I was looking for a good idea for a post, today after lunch, and then my friend Claire came to the rescue.
“Imagine you can spend a day inside a book,” was the prompt – one of those things going around on Facebook, you know, that a friend passed on to me. “What would you choose?”
Aha!
Now that looks like the sort of easy thing that could land me a post in ten minutes!

But then I started thinking – if not along the same lines tha Claire follows in her own post, along pretty similar tracks.
One day inside a book?
My first idea was The Prisoner of Zenda, followed suit by a weekend on Barsoom, or maybe in Pellucidar.
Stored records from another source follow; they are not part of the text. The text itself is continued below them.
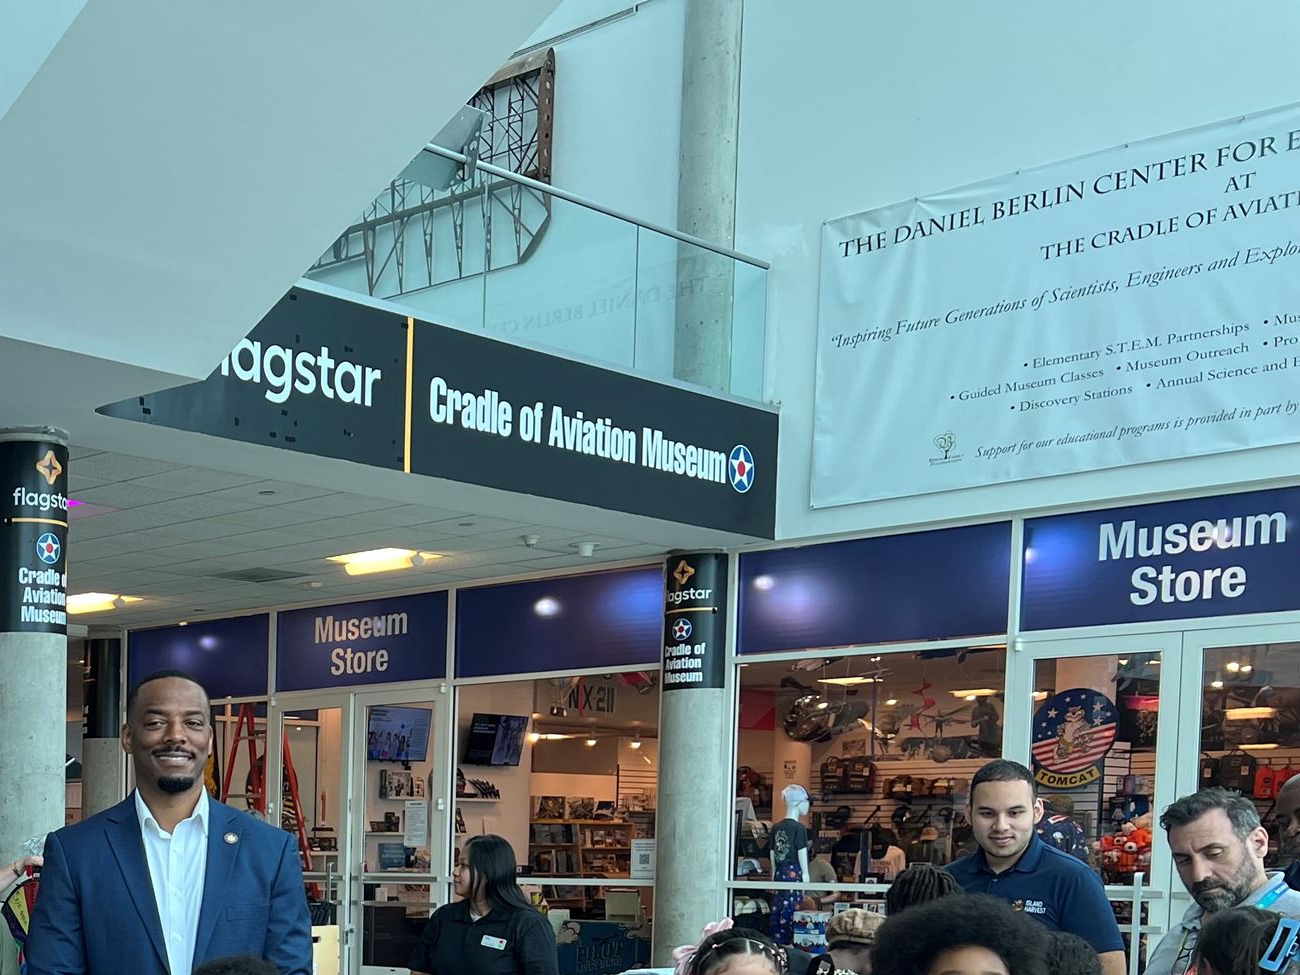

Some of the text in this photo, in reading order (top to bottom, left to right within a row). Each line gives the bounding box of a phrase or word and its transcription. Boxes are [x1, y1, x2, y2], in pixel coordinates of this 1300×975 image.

[839, 231, 887, 258] THE
[893, 206, 985, 245] DANIEL
[992, 180, 1086, 221] BERLIN
[1093, 152, 1208, 195] CENTER
[1215, 136, 1278, 168] FOR
[1224, 171, 1257, 194] AT
[1041, 237, 1085, 261] THE
[1091, 216, 1179, 249] CRADLE
[1186, 208, 1218, 229] OF
[895, 318, 941, 335] Future
[945, 299, 1028, 325] Generations
[1031, 290, 1048, 311] of
[1048, 279, 1119, 304] Scientists,
[1125, 262, 1203, 288] Engineers
[1207, 251, 1240, 272] and
[1032, 348, 1102, 369] Elementary
[1105, 335, 1162, 356] S.T.E.M.
[1167, 321, 1250, 346] Partnerships
[221, 337, 382, 408] agstar
[958, 384, 1001, 401] Guided
[1004, 376, 1057, 394] Museum
[1060, 368, 1104, 384] Classes
[1125, 355, 1182, 373] Museum
[1186, 341, 1249, 362] Outreach
[1019, 394, 1080, 412] Discovery
[1083, 384, 1133, 402] Stations
[1155, 372, 1204, 390] Annual
[1207, 364, 1258, 381] Science
[1262, 357, 1288, 372] and
[429, 376, 727, 484] Cradle of Aviation Museum
[974, 442, 1017, 460] Support
[1018, 440, 1034, 454] for
[1035, 437, 1054, 450] our
[1056, 425, 1119, 446] educational
[1117, 420, 1170, 441] programs
[1173, 416, 1185, 430] is
[1185, 407, 1237, 431] provided
[1238, 406, 1252, 419] in
[1253, 403, 1282, 422] part
[1285, 400, 1299, 415] by
[12, 487, 69, 511] flagsta
[1098, 511, 1287, 562] Museum
[18, 567, 61, 587] Cradle
[1130, 565, 1247, 606] Store
[314, 611, 408, 644] Museum
[331, 649, 389, 676] Store
[664, 642, 706, 658] Cradle of
[665, 657, 702, 671] Aviation
[664, 671, 703, 684] Museum
[1039, 769, 1095, 786] TOMCAT
[1024, 906, 1047, 914] HARVEST
[1025, 900, 1044, 908] ISLAND
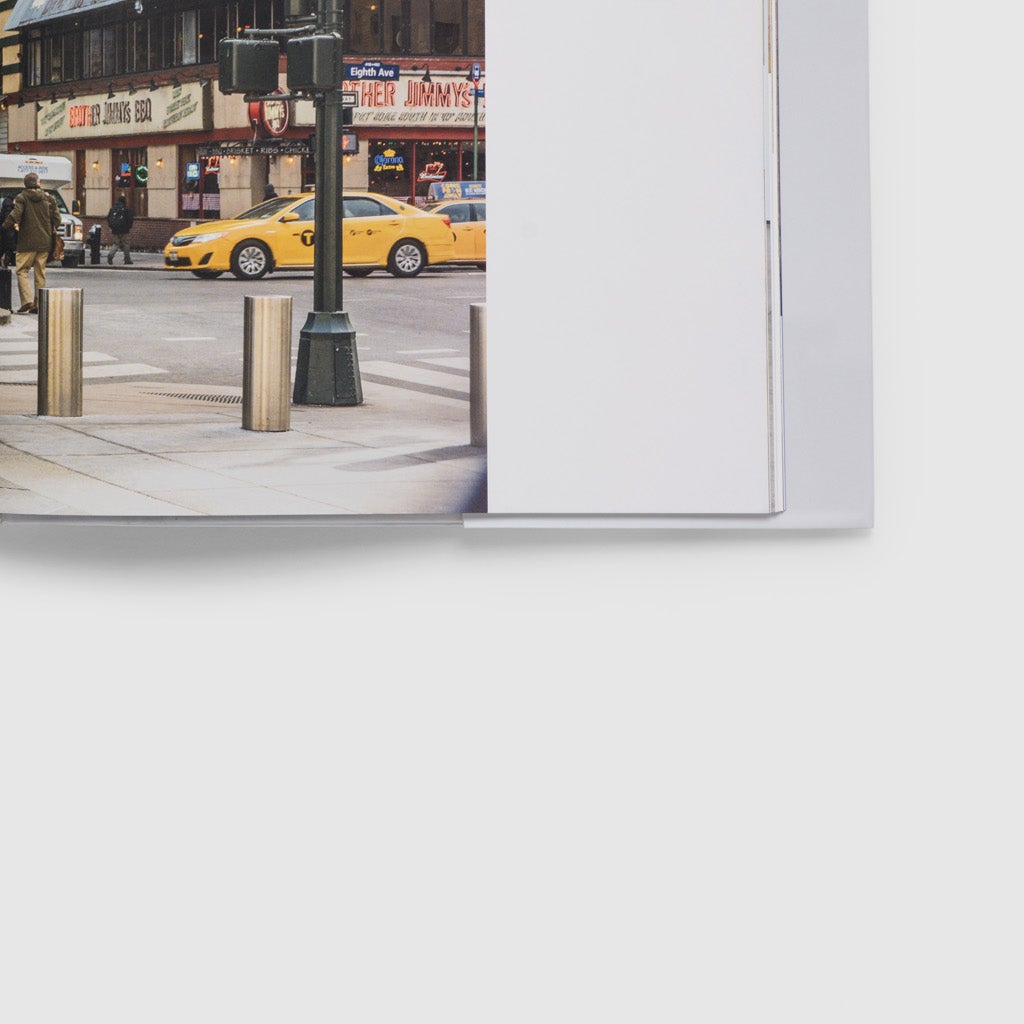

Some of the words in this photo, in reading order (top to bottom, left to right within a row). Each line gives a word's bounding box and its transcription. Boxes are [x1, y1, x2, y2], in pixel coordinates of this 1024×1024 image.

[350, 67, 377, 79] Eighth
[378, 67, 395, 77] Ave
[69, 103, 101, 128] BROTHER
[134, 97, 152, 123] BBQ
[374, 154, 404, 166] Corona
On the other hand, taking the right precautions, it would be fun to walk the streets of Nexus from Gene Wolfe’s Urth books, or spend a suitably decadent night in far Zothique. Or Lankhmar!
Not the Hyborian world… to visit Hyboria it would take at least two weeks. And no less than a month to visit the Gean Reach1.

Then something came back to me, echoing through the (mostly empty) halls of my mind from the dim and distant past.
It went like this…
“I heard the sunrise music,” Gordon said, “that the crystal peaks make above Throon when Canopus comes to warm them. I feasted with the star-kings in the Hall of Stars. And at the end, I led the fleets of the Empire against our enemies, the men from the League of Dark Worlds. I saw the ships die like swarming fireflies off the shores of the Hercules Cluster . . . .”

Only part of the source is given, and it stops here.